• _RECORD EXTRACTS_
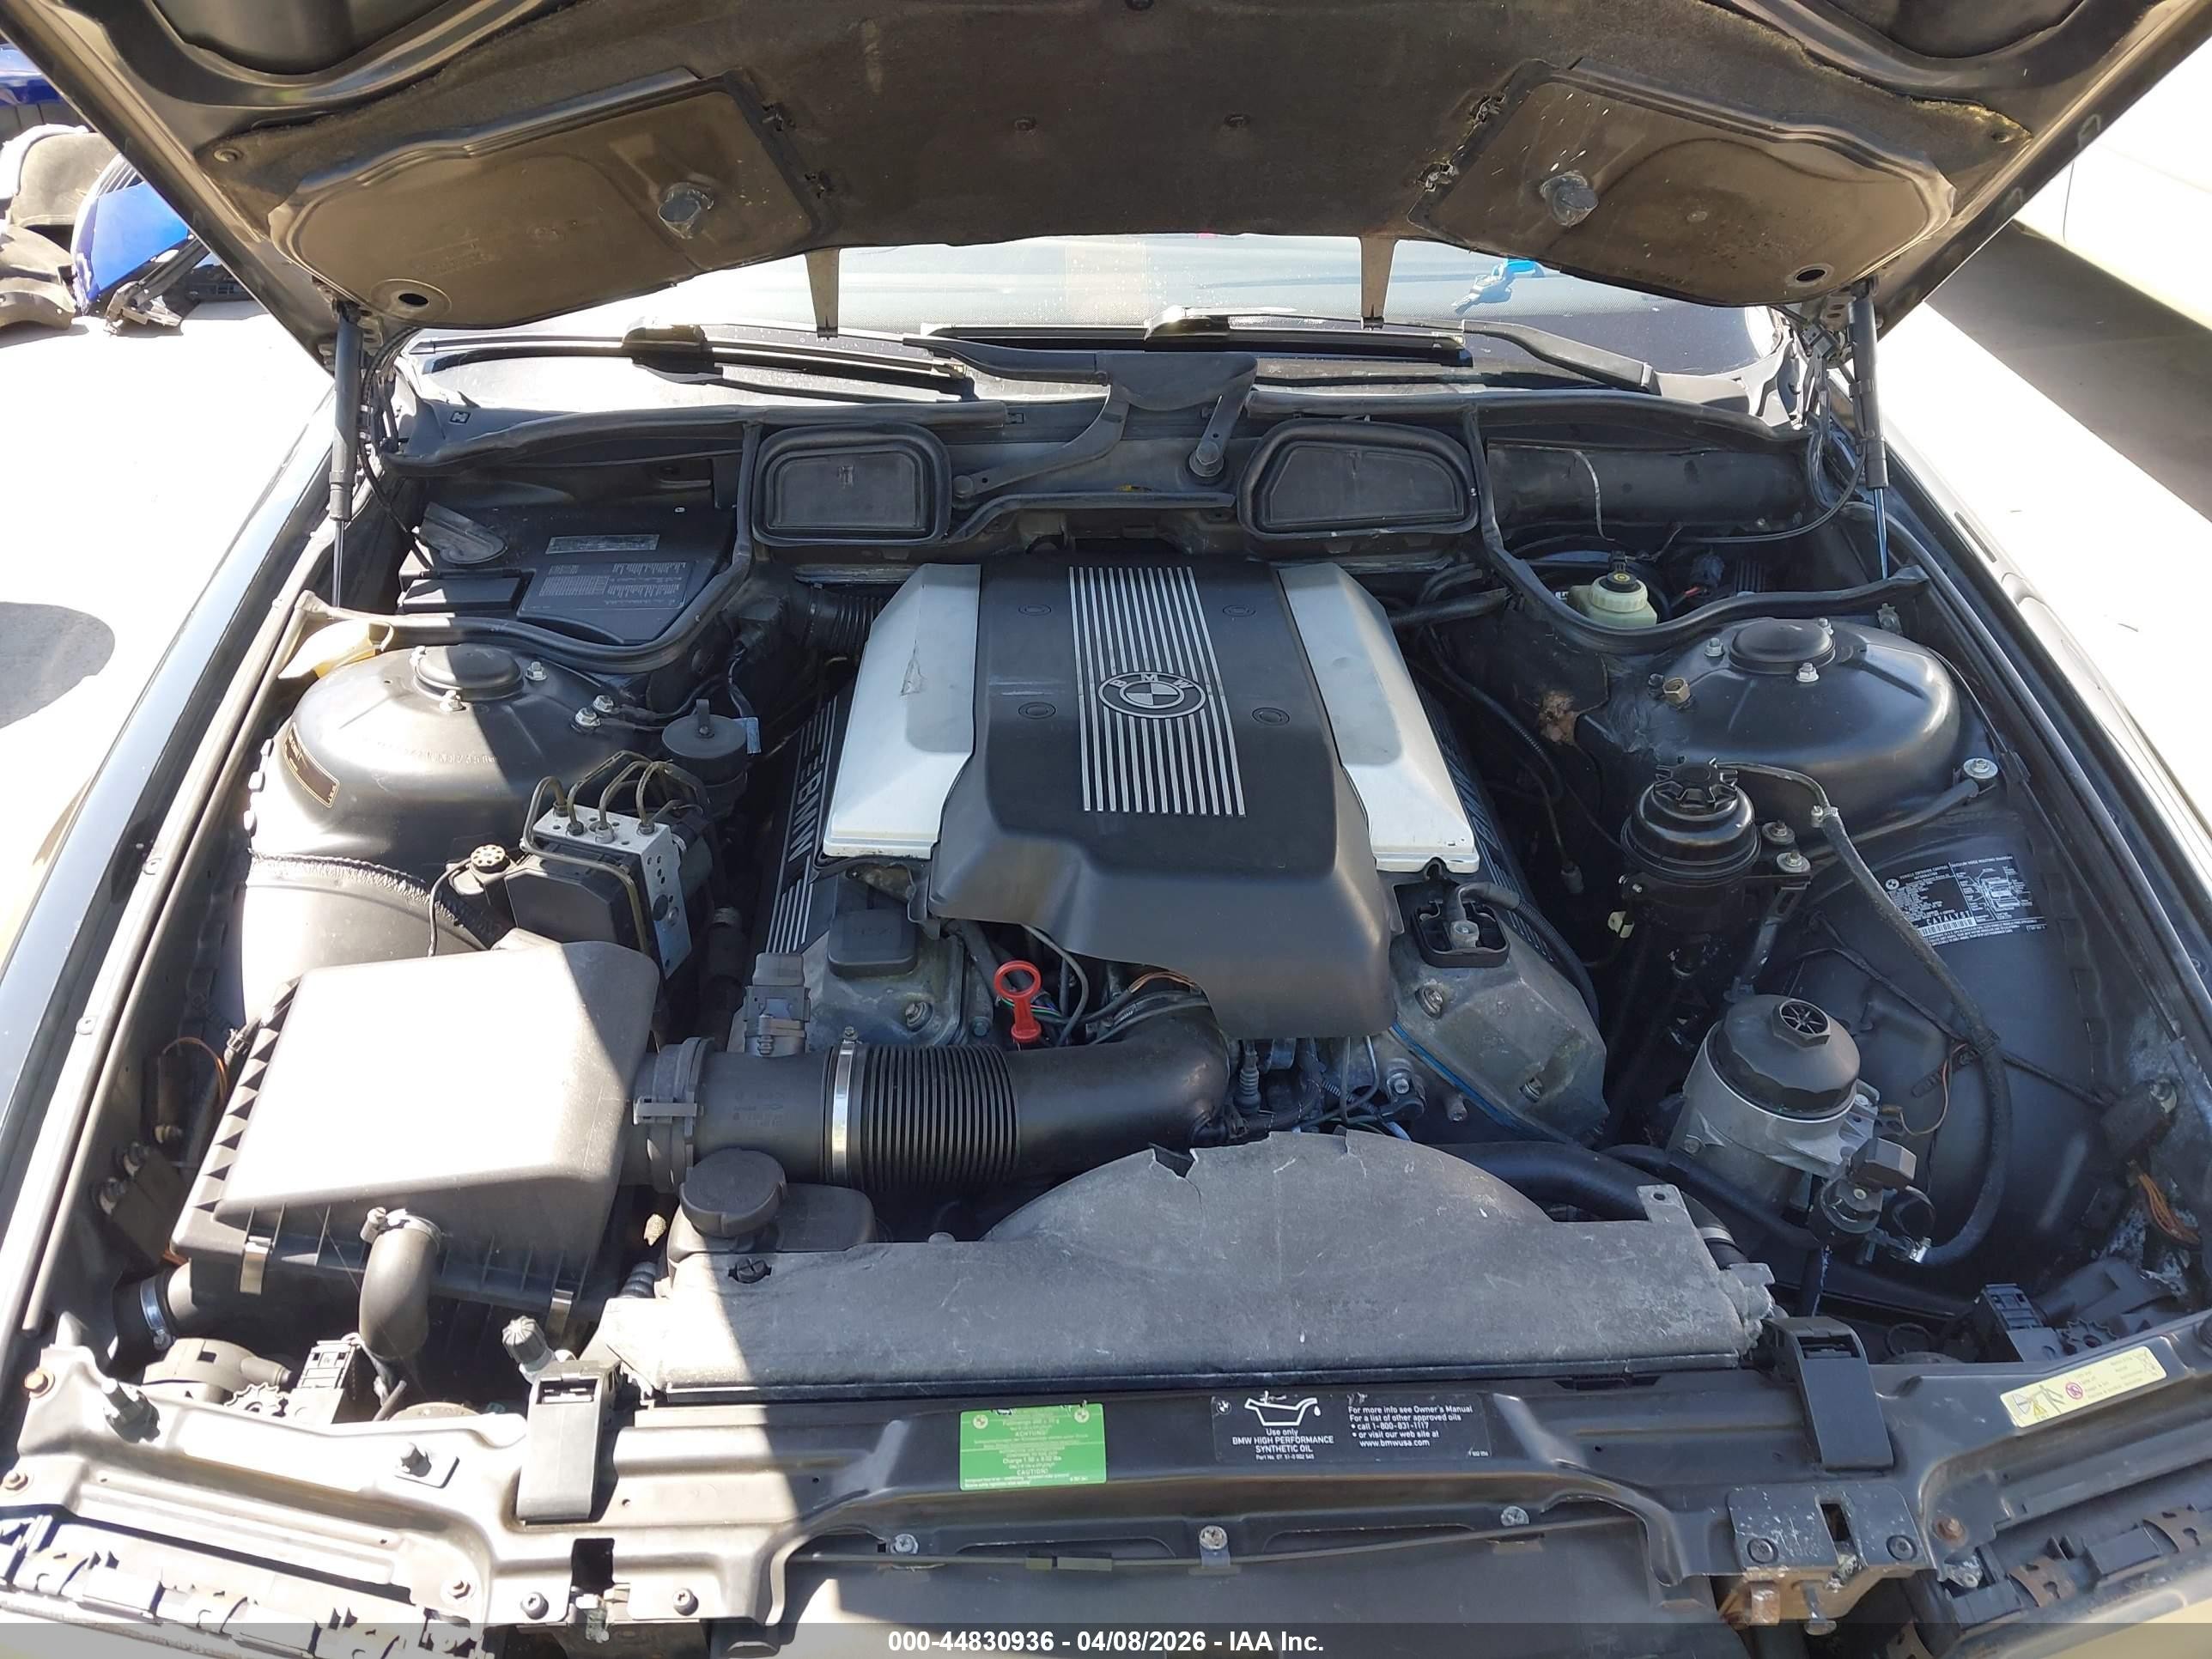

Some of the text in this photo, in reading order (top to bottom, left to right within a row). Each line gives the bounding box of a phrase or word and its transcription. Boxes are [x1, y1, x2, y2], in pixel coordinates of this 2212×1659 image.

[1109, 673, 1194, 690] BMW
[787, 769, 823, 863] BMW
[1926, 910, 1972, 926] CATALYST
[1383, 1405, 1398, 1413] info
[1413, 1405, 1444, 1413] Owner's
[1445, 1404, 1474, 1413] Manual
[1370, 1413, 1382, 1422] list
[1383, 1413, 1391, 1422] of
[1392, 1413, 1411, 1422] other
[1413, 1413, 1448, 1422] approved
[1372, 1421, 1430, 1430] 1-800-831-1117
[1282, 1427, 1299, 1437] only
[1368, 1430, 1384, 1438] visit
[1399, 1430, 1416, 1438] web
[1417, 1430, 1431, 1438] site
[1254, 1436, 1273, 1444] HIGH
[1275, 1436, 1334, 1444] PERFORMANCE
[1359, 1438, 1431, 1448] www.bmwusa.com
[1255, 1444, 1314, 1453] SYNTHETIC OIL
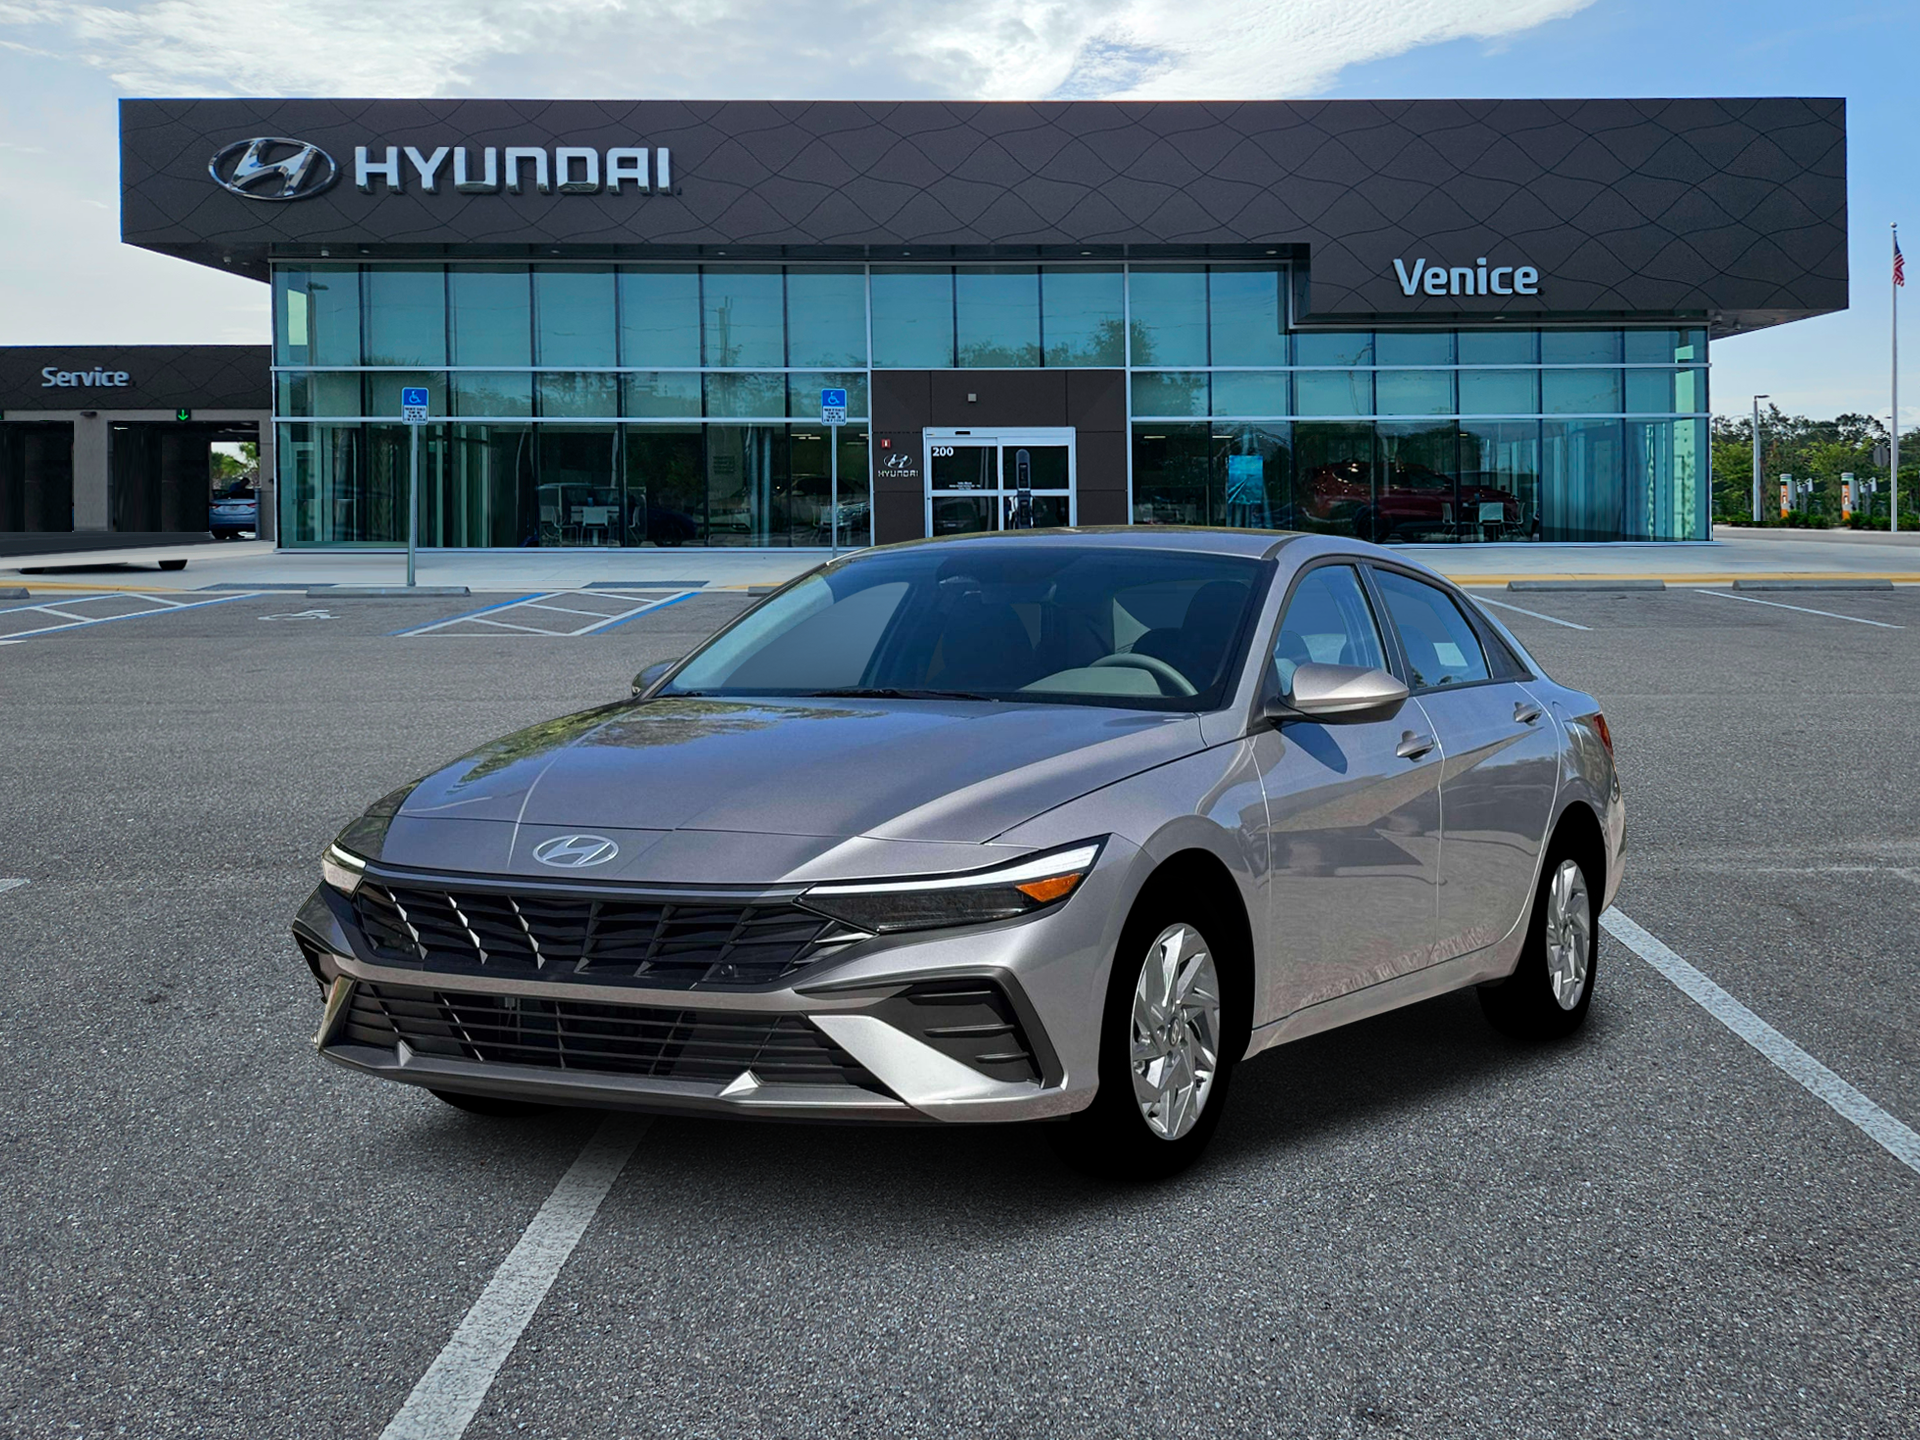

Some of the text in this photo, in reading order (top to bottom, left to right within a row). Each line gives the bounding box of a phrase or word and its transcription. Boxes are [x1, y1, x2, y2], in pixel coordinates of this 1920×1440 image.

[353, 146, 671, 194] HYUNDAI
[1392, 257, 1539, 296] Venice
[41, 366, 130, 387] Service
[932, 446, 954, 457] 200
[877, 469, 920, 478] HYUNDAI

• _PROBLEM TO WORK ON_
Could you output the lines above exactly, with no pictures included?

• _WRITTEN ANSWER_
Some of the text in this photo, in reading order (top to bottom, left to right within a row). Each line gives the bounding box of a phrase or word and its transcription. Boxes are [x1, y1, x2, y2], in pixel coordinates of this 2212×1659 image.

[1109, 673, 1194, 690] BMW
[787, 769, 823, 863] BMW
[1926, 910, 1972, 926] CATALYST
[1383, 1405, 1398, 1413] info
[1413, 1405, 1444, 1413] Owner's
[1445, 1404, 1474, 1413] Manual
[1370, 1413, 1382, 1422] list
[1383, 1413, 1391, 1422] of
[1392, 1413, 1411, 1422] other
[1413, 1413, 1448, 1422] approved
[1372, 1421, 1430, 1430] 1-800-831-1117
[1282, 1427, 1299, 1437] only
[1368, 1430, 1384, 1438] visit
[1399, 1430, 1416, 1438] web
[1417, 1430, 1431, 1438] site
[1254, 1436, 1273, 1444] HIGH
[1275, 1436, 1334, 1444] PERFORMANCE
[1359, 1438, 1431, 1448] www.bmwusa.com
[1255, 1444, 1314, 1453] SYNTHETIC OIL

Some of the text in this photo, in reading order (top to bottom, left to right within a row). Each line gives the bounding box of a phrase or word and its transcription. Boxes are [x1, y1, x2, y2], in pixel coordinates of this 1920×1440 image.

[353, 146, 671, 194] HYUNDAI
[1392, 257, 1539, 296] Venice
[41, 366, 130, 387] Service
[932, 446, 954, 457] 200
[877, 469, 920, 478] HYUNDAI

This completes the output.